O enfoque na articulação entre vulnerabilidade e narrativas de crianças é o que conduz a reflexão de Milene Gabriela Winck e Daniela Barros da Silva Freire Andrade, em seu artigo Abuso sexual na infância: potencial da narrativa na vivência de criança. A pesquisa conduzida em contexto hospitalar objetiva investigar a construção de sentidos sobre o abuso sexual e o potencial mediador da narrativa, enquanto atividade-guia capaz de suscitar processos terapêuticos durante a hospitalização e atuar na iminência de processos de significação. A reflexão ancora-se na perspectiva históricocultural em articulação com a teoria das representações sociais e estudos da narrativa. Do ponto de vista metodológico, os procedimentos inspiram-se em estudos microgenéticos e compreendem a realização de encontros psicoterapêuticos individuais e em grupo, priorizando um contexto lúdico e encorajador para a produção de narrativas. Os dados empíricos foram analisados compreensivamente com base na definição de episódios e de acordo com seu conteúdo semântico, recorrências e carga afetiva empreendida nos processos comunicacionais. A análises revelam que narrativas preexistentes no ambiente hospitalar são amplamente socializadas no acolhimento da criança, que, por sua vez, as internaliza e as recria, sugerindo que essa socialização e internalização podem atuar na elaboração das vivências mais íntimas da criança hospitalizada e suscitar processos de metaforização espontânea.
A hospitalização, como momento biográfico, enfrentado pela criança é também abordado por Hildacy Soares da França Montanha e Marta Regina Brostolin, no artigo intitulado A classe hospitalar na voz de crianças a partir de suas vivências educacionais. As autoras, ancorando-se na sociologia da infância, focalizam o modo como cinco crianças, entre cinco e doze anos de idade, vivenciam experiências educacionais na classe hospitalar. Para a recolha das fontes, escolheram a entrevista semiestruturada e o desenho comentado. As análises evidenciam que as experiências vividas e narradas pelas crianças são relevantes para a compreensão de significados que elas atribuem às atividades pedagógicas no contexto hospitalar. A classe hospitalar emerge, em suas vozes, como um elemento vital para mantê-las conectadas com o universo escolar que deixaram ao serem hospitalizadas. Os resultados apontam para a sensibilidade e a afetividade docente na classe hospitalar como aspectos significativos para o enfretamento da hospitalização.

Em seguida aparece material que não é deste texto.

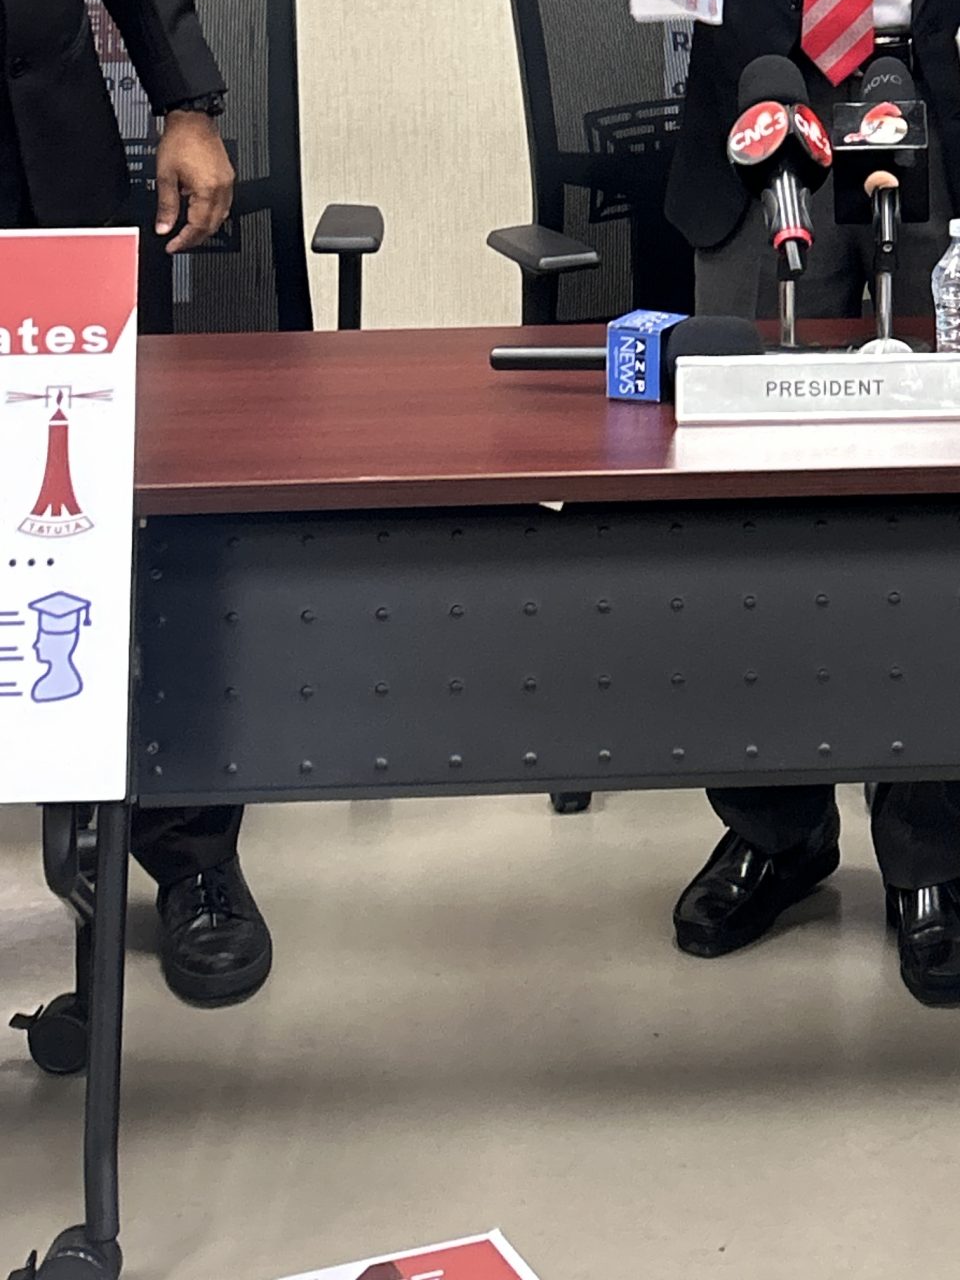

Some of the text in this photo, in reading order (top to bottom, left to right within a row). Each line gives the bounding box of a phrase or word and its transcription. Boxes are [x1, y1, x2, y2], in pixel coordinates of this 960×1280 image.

É indiscutível que a imagem ocidental da criança contemporânea vem se contrapondo cada vez mais àquela de infans, que por muitos séculos acreditamos ter sido determinante para o imaginário social com amplas repercussões na pesquisa científica. É nesse sentido que Teresa Jacinto Sarmento e Milena Oliveira, tematizam o quanto a figuração da criança contemporânea como um ser ativo, competente, com agência própria se constitui um grande desafio para as concepções e as práticas de educadoras de infância. No texto, Investigar com as crianças: das narrativas à construção de conhecimento sobre si e sobre o outro, as autoras consideram que as narrativas produzidas constantemente pelas crianças podem, por um lado, propiciar a compreensão dessa nova figuração da criança e, de forma ainda mais significativa, o seu desenvolvimento pessoal, assim como o de suas professoras. Nesse sentido, discutem a relevância das investigações com crianças sob três aspectos: a) o reconhecimento do direito da criança de ser ouvida, respeitando-se seus modos próprios de participação; b) a planificação da ação educativa, adotando-se a perspectiva de trabalho com projetos; c) a investigação no cotidiano das práticas docentes como forma de desenvolvimento da capacidade investigativa.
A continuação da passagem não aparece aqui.